2 In the Foreword to Power and Prosperity (2000, p. xvi), which appeared after Olson had died, Charles Cadwell reports that while Logic was more cited, it was only translated into 9 languages whereas RADON was translated into 12 languages. The Logic was originally Olson’s Ph.D. thesis at Harvard, first overseen by Edward H. Chamberlin. After Chamberlin’s death in 1962, it was overseen by Thomas C. Schelling, who arranged for its publication in the Harvard Economic Studies series. McGuire (1998, p. 257) argues that it was RADON that “vaulted Olson to academic celebrity.”

3 While he tended to avoid citing much of their work later, in the Logic Olson heavily cited Buchanan and Tullock’s The Calculus of Consent (1960) with evident approbation. While this work of Olson’s is often viewed as a founding text of public choice theory, its core argument derived from more traditional public finance theory, the theory of voluntary exchange of Erik Lindahl as analyzed by Musgrave (1939), who brought it to Olson’s attention. He would eventually serve as President of the Public Choice Society.

4 It is only in the Notes to the Foreword by Cadwell to Power and Prosperity that there is a reference to the Thatcherite experience in Britain. Cadwell cites Rauch (1994) as noting Thatcher’s Great Britain as the only clear example of “reform without crisis,” although Olson cited Rauch’s work elsewhere in this book.

5 Both in private communication and in his Foreword to Heckelman and Coates (2003), Schelling reports that his main input was to encourage Olson to reduce the level of technicality of his presentation in order to make it accessible to political scientists, sociologists, anthropologists, and legal scholars.

6 It can be argued that this was a precise and logical implication of the long-argued principle of “subsidiarity,” that a higher level organization should not do what a lower level one can do, a point noted privately by Roger R. Betancourt.

7 He foreshadowed these arguments in one of his few publications prior to The Logic (Olson, 1963b).

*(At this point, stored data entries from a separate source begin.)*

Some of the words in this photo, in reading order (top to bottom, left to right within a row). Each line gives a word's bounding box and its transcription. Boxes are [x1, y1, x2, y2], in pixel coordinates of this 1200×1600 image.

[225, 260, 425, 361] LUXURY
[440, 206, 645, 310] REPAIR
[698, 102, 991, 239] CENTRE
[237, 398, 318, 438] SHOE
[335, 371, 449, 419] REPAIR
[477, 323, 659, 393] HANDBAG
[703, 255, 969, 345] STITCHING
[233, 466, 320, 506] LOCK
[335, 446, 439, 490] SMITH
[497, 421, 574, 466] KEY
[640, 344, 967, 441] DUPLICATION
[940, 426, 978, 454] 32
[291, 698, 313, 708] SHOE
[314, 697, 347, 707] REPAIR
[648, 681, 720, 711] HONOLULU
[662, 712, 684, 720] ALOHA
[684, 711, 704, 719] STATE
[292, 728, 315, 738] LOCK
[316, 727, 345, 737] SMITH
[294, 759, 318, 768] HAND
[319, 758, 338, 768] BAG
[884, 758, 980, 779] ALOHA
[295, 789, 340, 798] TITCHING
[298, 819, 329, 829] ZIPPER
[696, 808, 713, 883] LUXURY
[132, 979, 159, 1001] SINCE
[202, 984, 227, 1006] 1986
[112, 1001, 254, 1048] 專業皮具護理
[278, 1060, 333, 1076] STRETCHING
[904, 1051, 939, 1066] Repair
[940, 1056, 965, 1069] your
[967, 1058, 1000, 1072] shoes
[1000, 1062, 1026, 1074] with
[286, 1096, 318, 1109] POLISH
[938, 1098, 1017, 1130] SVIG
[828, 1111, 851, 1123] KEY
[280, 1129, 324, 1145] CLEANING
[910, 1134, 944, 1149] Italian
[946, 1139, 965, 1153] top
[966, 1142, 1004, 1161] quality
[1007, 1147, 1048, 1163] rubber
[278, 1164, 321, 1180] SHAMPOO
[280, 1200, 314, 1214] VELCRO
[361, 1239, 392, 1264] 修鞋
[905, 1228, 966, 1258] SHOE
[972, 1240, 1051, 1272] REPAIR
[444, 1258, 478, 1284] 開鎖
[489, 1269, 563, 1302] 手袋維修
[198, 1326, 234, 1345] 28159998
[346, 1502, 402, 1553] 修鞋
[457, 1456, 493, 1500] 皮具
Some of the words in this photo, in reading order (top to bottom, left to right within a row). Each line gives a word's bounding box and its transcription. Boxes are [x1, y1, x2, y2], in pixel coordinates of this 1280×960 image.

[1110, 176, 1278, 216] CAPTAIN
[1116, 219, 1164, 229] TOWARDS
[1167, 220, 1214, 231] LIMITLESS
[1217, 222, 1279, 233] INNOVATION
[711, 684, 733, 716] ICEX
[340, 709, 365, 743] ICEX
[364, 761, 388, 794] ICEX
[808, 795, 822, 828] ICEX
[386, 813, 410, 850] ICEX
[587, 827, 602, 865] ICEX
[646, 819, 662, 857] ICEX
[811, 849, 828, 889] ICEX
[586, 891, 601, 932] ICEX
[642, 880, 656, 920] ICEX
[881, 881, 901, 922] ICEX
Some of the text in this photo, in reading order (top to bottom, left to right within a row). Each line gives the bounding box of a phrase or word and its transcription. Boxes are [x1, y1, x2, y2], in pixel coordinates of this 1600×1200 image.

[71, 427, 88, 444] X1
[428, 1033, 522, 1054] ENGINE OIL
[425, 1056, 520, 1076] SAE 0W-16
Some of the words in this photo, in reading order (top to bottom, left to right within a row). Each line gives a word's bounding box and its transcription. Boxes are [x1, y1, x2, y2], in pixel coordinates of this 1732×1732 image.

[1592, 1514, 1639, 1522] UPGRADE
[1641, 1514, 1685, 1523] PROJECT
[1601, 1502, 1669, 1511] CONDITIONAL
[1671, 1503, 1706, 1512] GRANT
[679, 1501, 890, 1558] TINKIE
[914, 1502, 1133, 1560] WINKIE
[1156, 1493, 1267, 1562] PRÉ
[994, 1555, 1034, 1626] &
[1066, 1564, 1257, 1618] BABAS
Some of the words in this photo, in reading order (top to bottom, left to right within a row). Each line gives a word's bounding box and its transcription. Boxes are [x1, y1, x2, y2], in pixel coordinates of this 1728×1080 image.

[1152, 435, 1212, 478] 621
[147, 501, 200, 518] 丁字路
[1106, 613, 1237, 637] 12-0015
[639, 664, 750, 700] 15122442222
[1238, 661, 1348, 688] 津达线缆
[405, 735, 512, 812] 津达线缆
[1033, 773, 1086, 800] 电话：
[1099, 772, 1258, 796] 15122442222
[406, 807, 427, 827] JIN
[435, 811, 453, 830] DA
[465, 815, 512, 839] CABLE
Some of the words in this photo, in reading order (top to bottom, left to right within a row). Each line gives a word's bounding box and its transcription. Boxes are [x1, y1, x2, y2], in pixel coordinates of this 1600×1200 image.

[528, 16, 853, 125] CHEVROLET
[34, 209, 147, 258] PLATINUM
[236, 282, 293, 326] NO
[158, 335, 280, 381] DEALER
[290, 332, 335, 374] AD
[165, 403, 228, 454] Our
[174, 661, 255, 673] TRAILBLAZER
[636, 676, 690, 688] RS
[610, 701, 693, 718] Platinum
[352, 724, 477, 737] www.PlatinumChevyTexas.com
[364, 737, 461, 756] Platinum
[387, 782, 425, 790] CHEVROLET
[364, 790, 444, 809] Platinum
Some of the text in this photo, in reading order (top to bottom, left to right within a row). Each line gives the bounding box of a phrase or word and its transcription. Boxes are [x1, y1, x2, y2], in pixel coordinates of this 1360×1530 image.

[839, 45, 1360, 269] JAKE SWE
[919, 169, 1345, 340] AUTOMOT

8 It is true that Germany defeated France and occupied it to some extent during the war. But it is also true that much of it was ruled by a local puppet, the Vichy regime, that did not upend or disrupt most groups in society, although the more overtly left-wing ones were suppressed, only to emerge after the war stronger than before it (Levy, 1999). Olson argues rather unconvincingly that this defeat combined with long internal conflicts led to the outcome in France, which is certainly a substantial variation on his main argument, given that France was marked by substantial continuity of institutions through the war. Arguably the groups were kept under control during the immediate postwar period by a combination of indicative central planning and the influence of the emerging European Economic Community (now European Union), with such strongly centralizing leaders as Charles de Gaulle (Estrin and Holmes, 1983; Chanter and Jenkins, 1996).

9 Olson (1990, 1995a) would later express frustration and disillusionment with Sweden and the “Teutonic” nations more generally, arguing that their previously “encompassing” organizations “devolved” into mere distributional coalitions that impeded innovation and growth, with the ending of the national level wage bargaining in Sweden in 1986 the crucial sign of this problem.

10 Olson vigorously rejected another widely claimed factor, the invention and spread of air conditioning, noting that hot weather did not restrain the rise of ancient civilizations.

11 Olson also notes that this period coincided with efforts by local communities in the South to subsidize industrial development as well (Cobb, 1982), arguing that they realized the Jim Crow system was coming to an end, so that they needed to industrialize, although the earliest of these efforts dating to the Great Depression in the 1930s would seem to predate such clear perceptions.

12Whereas many identify the informal economy as a problem for governments (Schneider and Enste, 2002), Olson was more inspired by the work of de Soto (1989) to see it as a potential source of economic growth if it can be legalized and brought within an established system of enforceable contracts and property rights.

13 Rosser, Rosser, and Ahmed (2000, 2003) establish a strong correlation between increasing inequality in some transition countries, such as Russia, and the rise of the underground economy. Such an argument is consistent with the arguments of McGuire and Olson (1996) about redistribution, social capital, and stable democracies that respect contracts and private property. Clague, Keefer, Knack, and Olson (1999) would label such underground markets as “irrepressible.” Other markets would require state support to function and would generate contract-intensive money.

14 It can be argued that China is another case that does not fit very well in Olson’s theories, especially in its ability to continue to grow rapidly despite its lack of democracy, reported widespread corruption with lack of enforcement of contracts and property rights in recent years (Wong and Ding, 2002). But, Olson focused more on the nations of the former Soviet bloc, and he is hardly alone in not being able to fully explain what is happening in China.

15 Ironically these arguments amounted to a revival of the older arguments of Luce (1924) and Commons (1950) that Olson had argued against in his first book.

16 This phrase would serve as the title for one of the volumes published in Olson’s honor after his death (Azfar and Cadwell, 2003).

17 For discussion of the relationship between Northian and Olsonian views regarding the Glorious Revolution, see Mokyr and Nye (2007). The crucial role of civil liberties in the institutions underlying growth has been further studied by Acemoglu and Johnson (2005), with BenYishay and Betancourt (2006) further unbundling this argument to focus on the role of personal autonomy and individual rights.

18 Djankov, Glaeser, La Porta, Lopez-de-Silanes, and Shleifer (2003) would pursue such an argued tradeoff between the costs of private predation and public predation to pose the institutional possibilities frontier that suggested total social transactions costs would be minimized with some intermediate form of government. Rosser and Rosser (2007) provide a critique of details of this argument.